JP2011155997A - Method and apparatus for x-ray imaging - Google Patents

Abstract

<P>PROBLEM TO BE SOLVED: To provide a method and an apparatus for X-ray imaging capable of reducing dosage to a subject. <P>SOLUTION: A method involves: a process for setting the first imaging condition for a fluoroscopic process; a process for setting the second imaging condition for a subtraction imaging process; the fluoroscopic process in which the fluoroscopic imaging is operated based on the imaging condition set in the first imaging condition setting process while the live image is displayed on a display part; a process for determining that a contrast medium reaches near a target site based on the live image displayed on the display part and directing to switch from the fluoroscopic imaging to the subtraction imaging; and the subtraction process for performing the subtraction imaging based on the imaging condition set in the second imaging condition setting process while displaying the subtraction image on the display part. <P>COPYRIGHT: (C)2011,JPO&INPIT

Description

  The present invention relates to an X-ray imaging method and an X-ray imaging apparatus, and more particularly, to an X-ray imaging method and an X-ray imaging apparatus when performing angiography and the like.

  In general, there are a DA (digital angiography) method and a DSA (digital subtraction angiography) method as an X-ray imaging method when an examination such as angiography is performed on a patient as a subject. The DA method is an X-ray imaging method for obtaining an angiographic image itself. In contrast, the DSA method is an X-ray imaging method in which a digital image is obtained by performing a subtraction process, which is a subtraction process, on a live image after angiography and a mask image before angiography. . When this DSA method is adopted, a clearer blood vessel image can be obtained.

  Patent Document 1 discloses an X-ray diagnostic apparatus that can selectively execute the DA method and the DSA method.

JP 2007-330669 A

  When performing a DSA examination, if the site of interest such as a lesion to be examined is in the deep part of the vascular system, and it takes time for the contrast medium to reach the lesion, DSA imaging is performed. This has to be carried out over a long period of time, causing the problem of increased patient exposure. In particular, in order to obtain a good subtraction image in DSA imaging, it is necessary to obtain an image with a good S / N ratio using a larger dose than in normal X-ray imaging. When it becomes long time, there exists a problem that the exposure amount with respect to a patient becomes very large.
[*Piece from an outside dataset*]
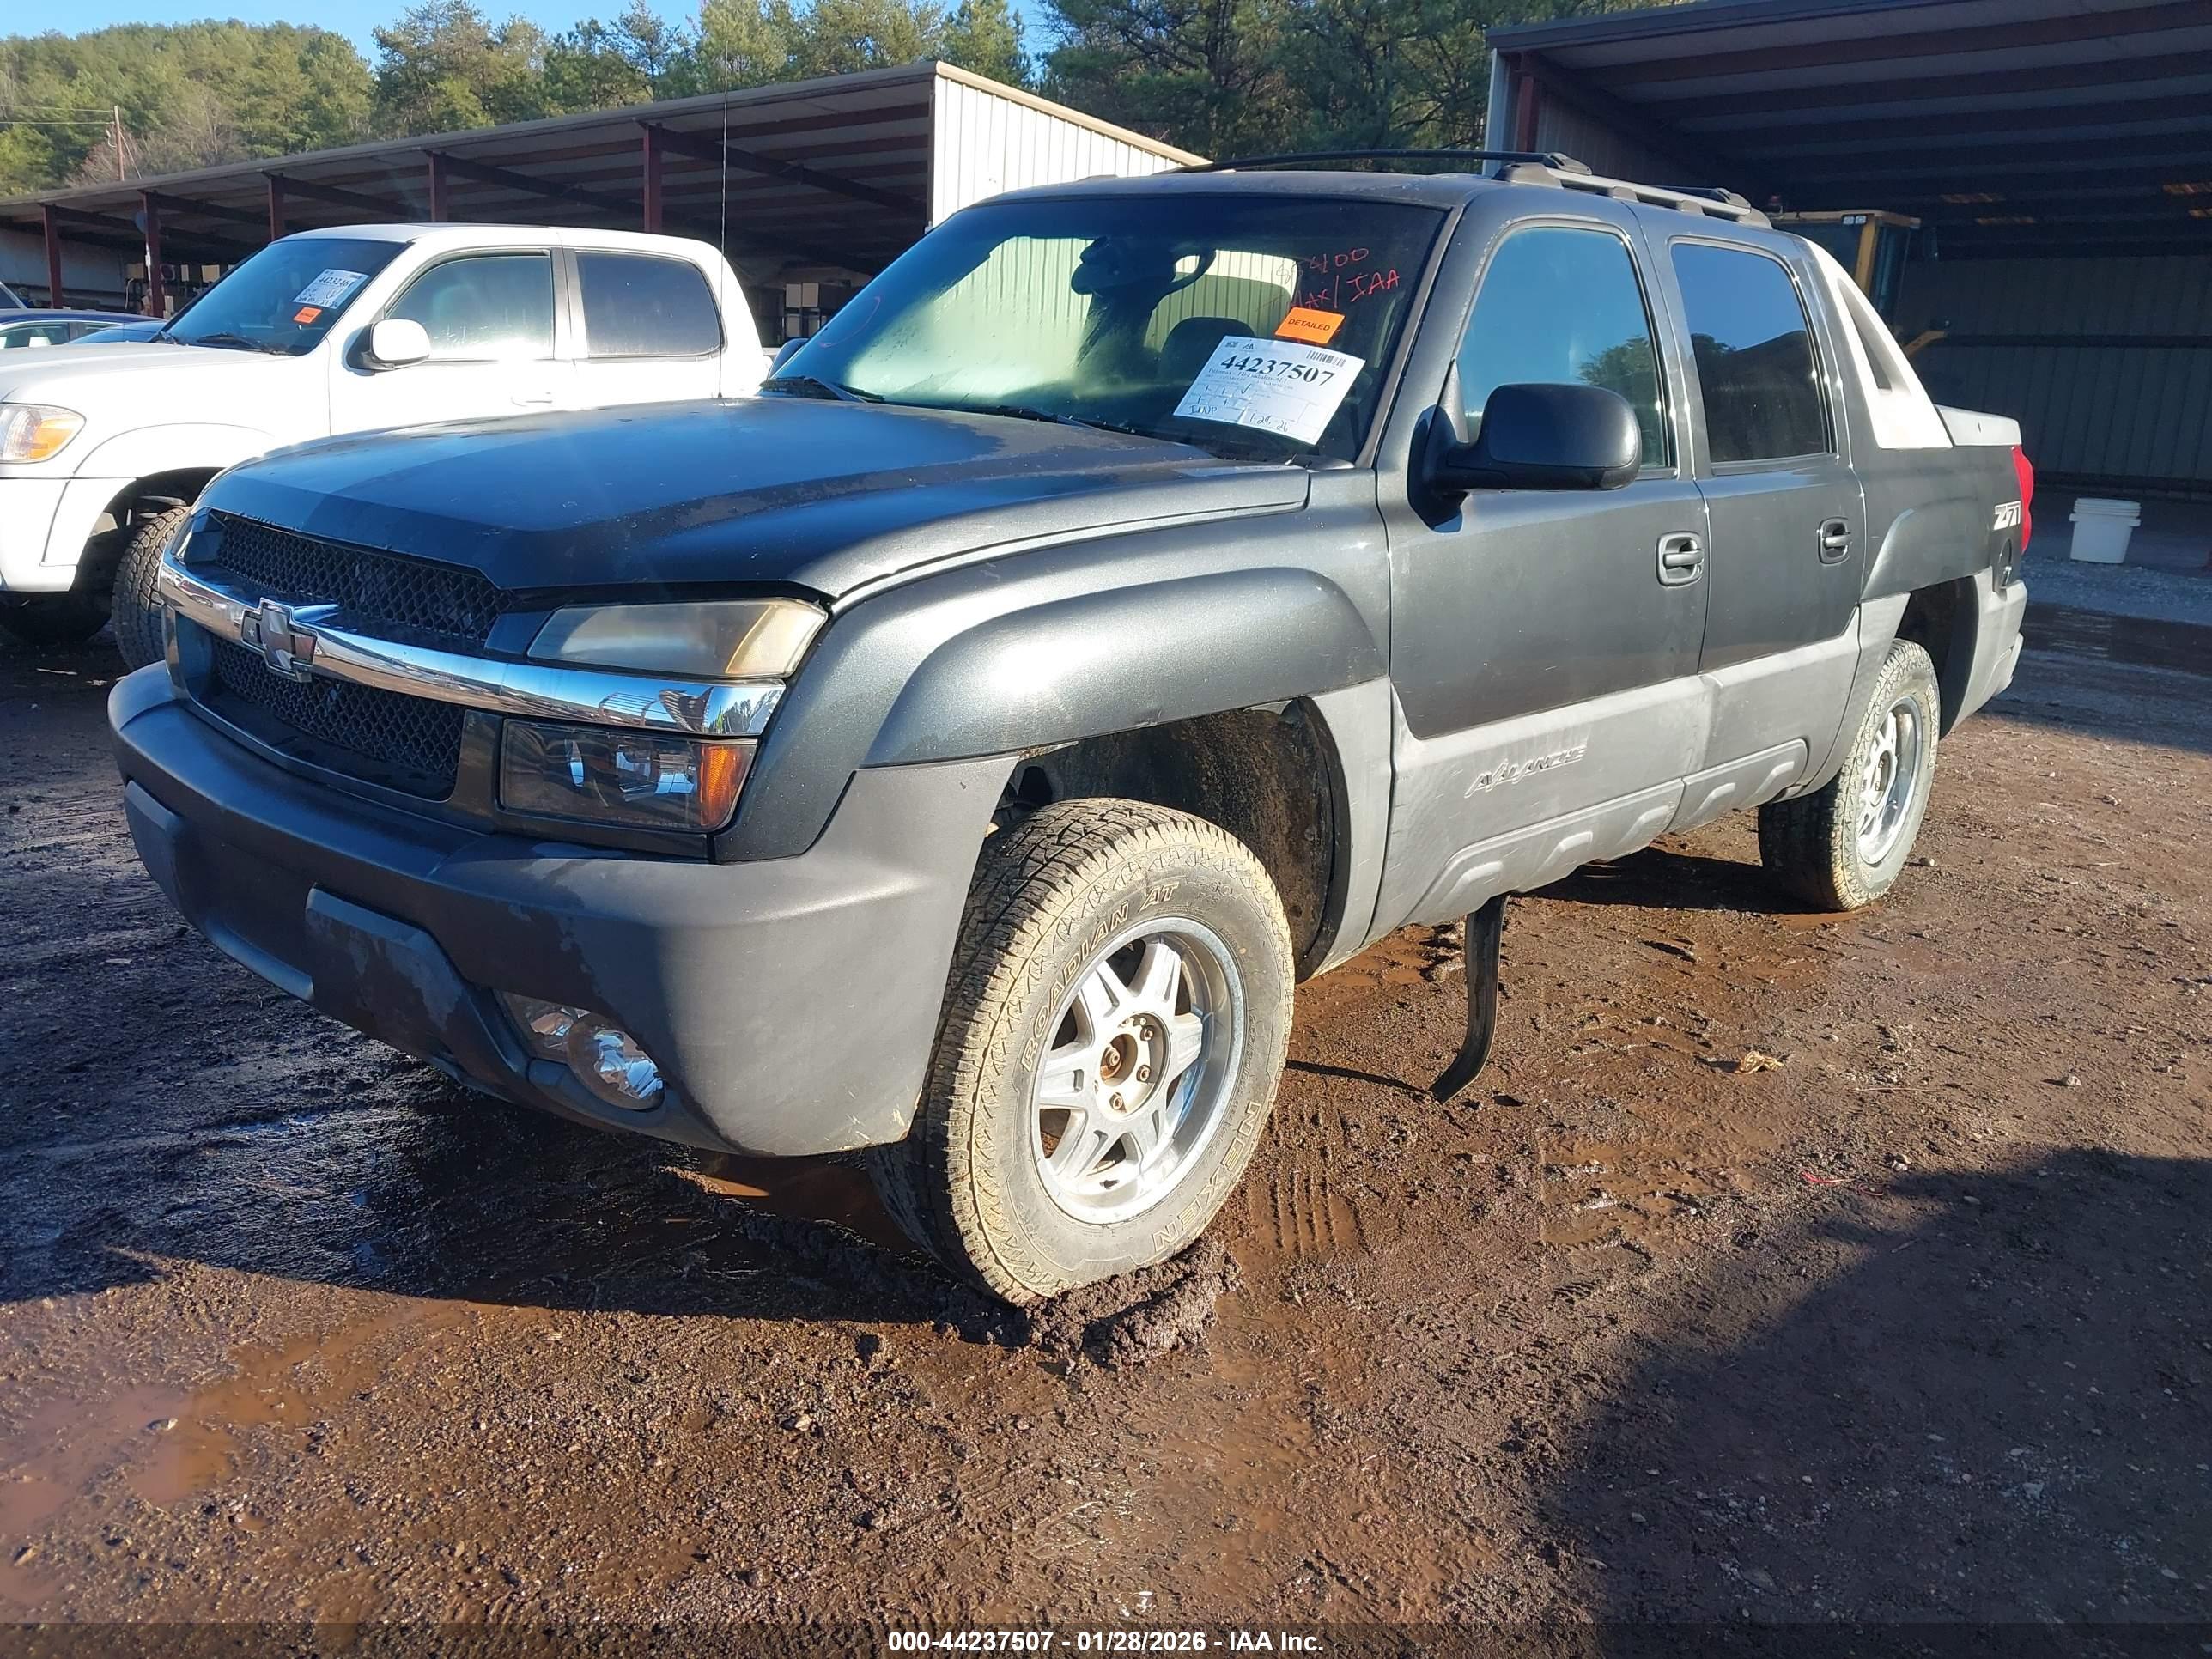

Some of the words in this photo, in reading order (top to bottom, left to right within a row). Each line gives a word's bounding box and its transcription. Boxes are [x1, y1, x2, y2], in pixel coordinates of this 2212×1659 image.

  The present invention has been made to solve the above problems, and provides an X-ray imaging method and an X-ray imaging apparatus capable of reducing the exposure dose to a subject even when imaging is performed by the DSA method. For the purpose.

  The invention according to claim 1 is an X-ray imaging method for imaging an X-ray image by causing an X-ray irradiated from an X-ray tube to pass through a subject and enter an X-ray detection unit. The first imaging condition setting step for setting the imaging conditions of the first imaging method for capturing a live image with the mask image before the contrast agent is injected and the live image after the contrast agent is injected. Based on the second imaging condition setting step for setting the imaging condition of the second imaging method for imaging with a dose and performing subtraction processing, and the imaging condition set in the first imaging condition setting step, the first imaging Based on the first imaging step of displaying the live image on the display unit and the live image displayed on the display unit, it is determined that the contrast medium has reached the region of interest, Whether the shooting method is the first shooting method Based on the switching instruction step for instructing to switch to the second shooting method and the shooting conditions set in the second shooting condition setting step, shooting is performed in the second shooting method, and the subtraction image at that time is displayed. And a second photographing process to be displayed on the screen.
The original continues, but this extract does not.